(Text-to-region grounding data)
*** Begin section ***

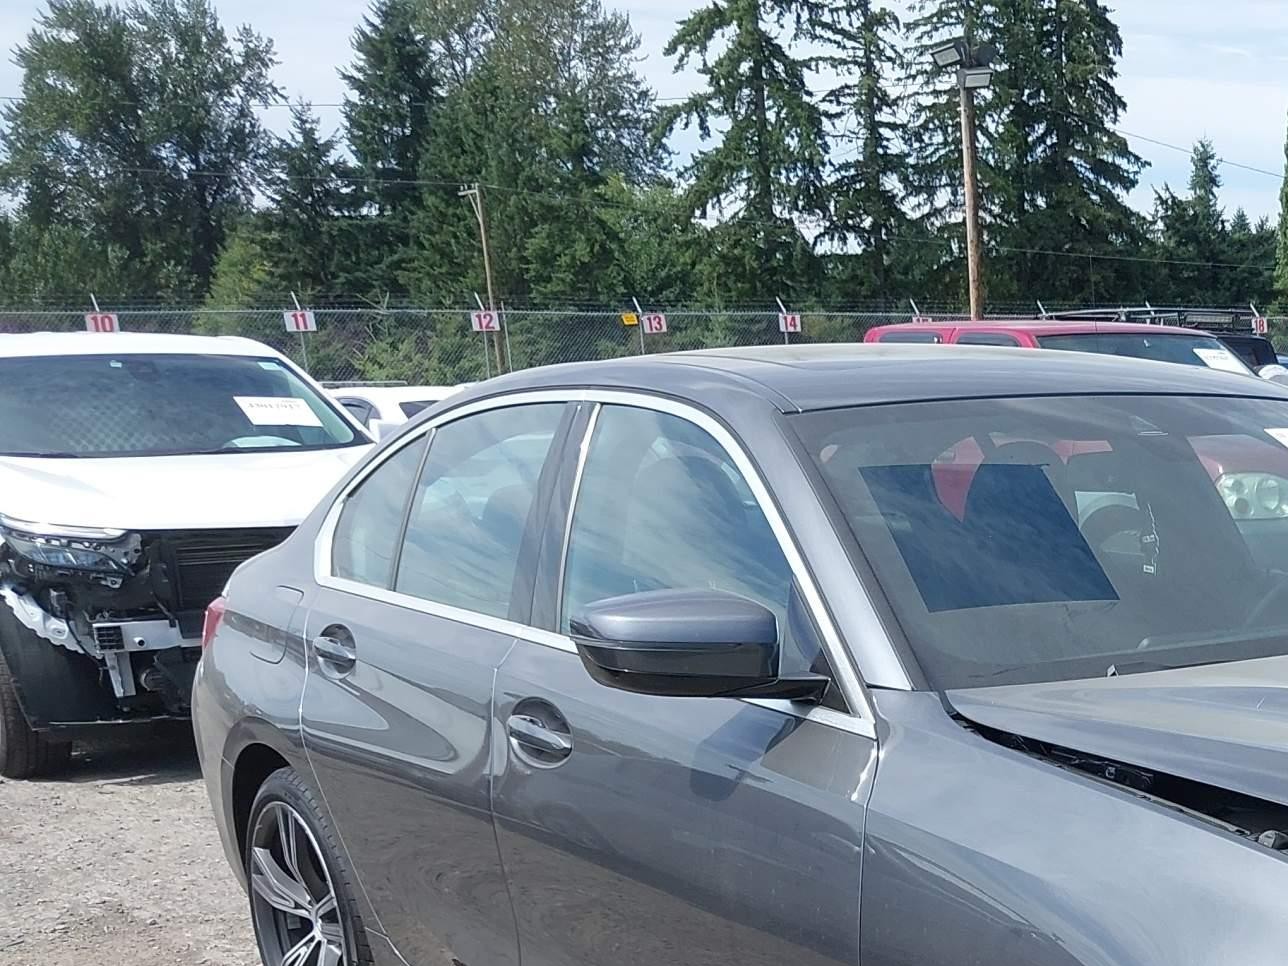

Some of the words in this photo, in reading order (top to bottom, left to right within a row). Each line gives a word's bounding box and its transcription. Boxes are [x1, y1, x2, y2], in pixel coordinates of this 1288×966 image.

[91, 315, 114, 332] 10
[291, 312, 308, 331] 11
[475, 313, 496, 330] 12
[646, 315, 663, 331] 13
[784, 316, 798, 331] 14
[1254, 319, 1265, 333] 18

*** End section ***

▶ [Task goal]: Copy the records exactly, minus any pictures.

▶ [Output for this exercise]:
Some of the words in this photo, in reading order (top to bottom, left to right within a row). Each line gives a word's bounding box and its transcription. Boxes are [x1, y1, x2, y2], in pixel coordinates of this 1288×966 image.

[91, 315, 114, 332] 10
[291, 312, 308, 331] 11
[475, 313, 496, 330] 12
[646, 315, 663, 331] 13
[784, 316, 798, 331] 14
[1254, 319, 1265, 333] 18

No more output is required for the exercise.